Arabesque 3, Harold Budd

In this ambient song, a saxophone trills a wistful melody, and a piano circles over a dreamy tone. It starts and ends with the swelling of that tone, anchoring in an overcast space that is melancholy and emotive. The quality of the song is minimal but lush and feels like an element I find throughout Demystifications, as in demystification 49, which moves from “what we perceive together dissolves us into connection” to “[i]n a hundred years, we will all have been ‘replaced.’”

4 Skies, Arto Lindsay

In this collaboration with Brian Eno and Amedeo Pace from O Corpo Sutil (The Subtle Body), Arto Lindsay’s phrasing feels delicate against the guitar’s shuffling melody, suffused with doom. The lyrics are enigmatic, packed with descriptions that make the atmosphere into a strange object: “The sky like a room at the top of a house” or “Why do we feel / Like it might break? / A seething, crumpled, teeming sky.” The instrumentals build before breaking into a quietly abrasive resolution. The mood and defamiliarized natural imagery in this song connect to threads in Demystifications, as in demystification 3, where a giant building turns back into a forest, or demystification 6: “The trees slide uphill, greenly.”
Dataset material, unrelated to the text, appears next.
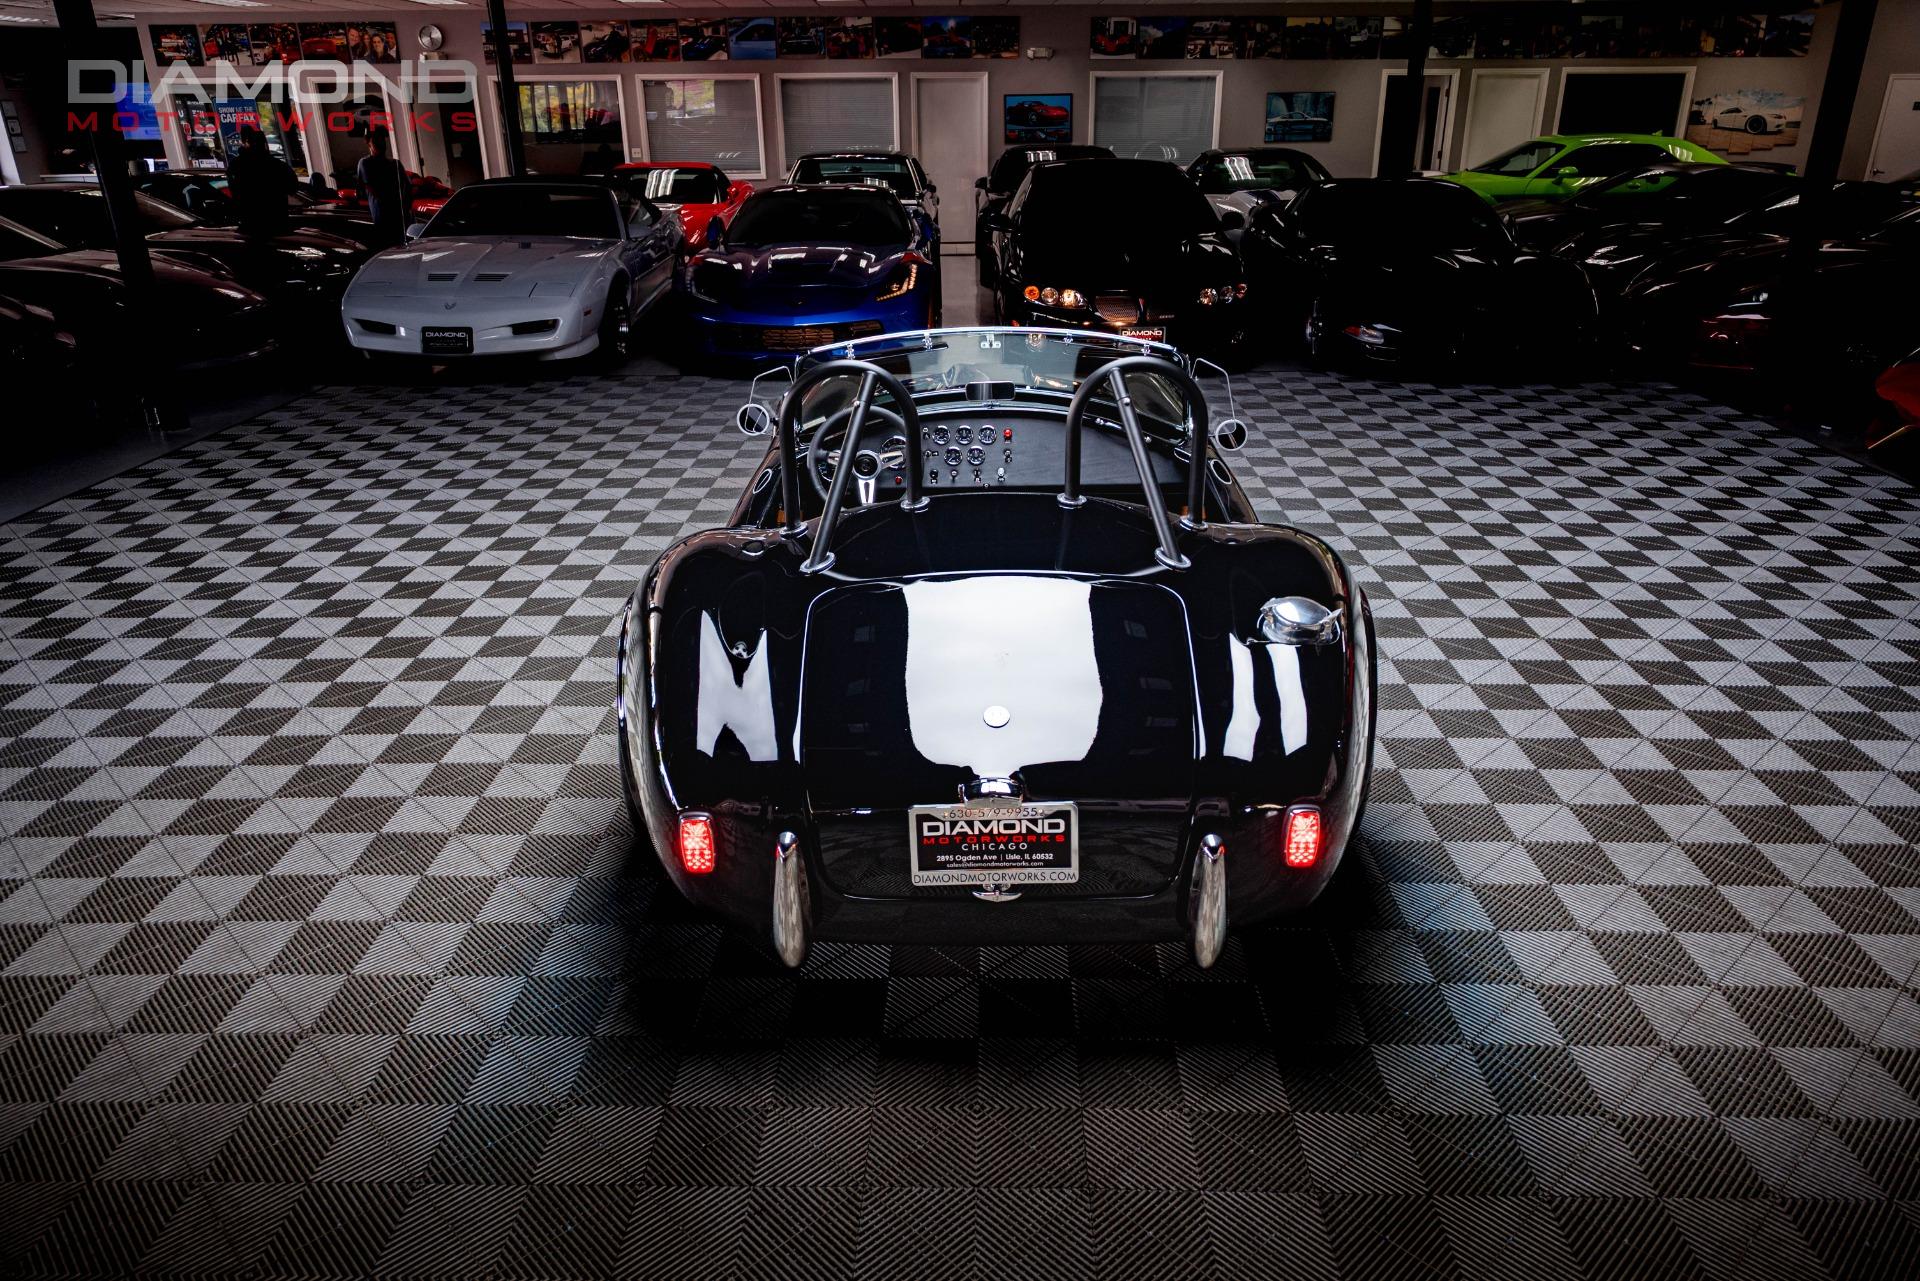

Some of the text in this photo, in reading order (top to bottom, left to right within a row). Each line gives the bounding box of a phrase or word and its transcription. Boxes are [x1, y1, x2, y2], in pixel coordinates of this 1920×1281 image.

Miranda Mellis is the author of Demystifications (Solid Objects, 2021); The Instead, a book-length dialogue with Emily Abendroth (Carville Annex, 2016); The Quarry (Trafficker Press, 2013); The Spokes (Solid Objects, 2012); None of This Is Real (Sidebrow Press, 2012); Materialisms (Portable Press at Yo-Yo Labs, 2009); and The Revisionist (Calamari Press, 2007).

Her stories and essays have appeared in various publications including Harper’s, The Believer, Conjunctions, The New York Times, The Kenyon Review, Denver Quarterly, Fence, McSweeney’s and elsewhere. Look for her seasonal column, The Trinocular, at The Believer. She has received a National Endowment for the Humanities grant and the John Hawkes Prize in Fiction. She has been an Artist in Residence at the Headlands Center for the Arts and Millay Colony. She was a co-founding editor of The Encyclopedia Project with Tisa Bryant and Kate Schatz and currently teaches writing, literature, and environmental humanities at The Evergreen State College.


Katie Aymar is a visual artist and aspiring naturalist living in Southern California. She graduated with an interdisciplinary B.A. from The Evergreen State College (Olympia, WA). Past indexing collaborations with Miranda Mellis include The Encyclopedia Project and The Instead.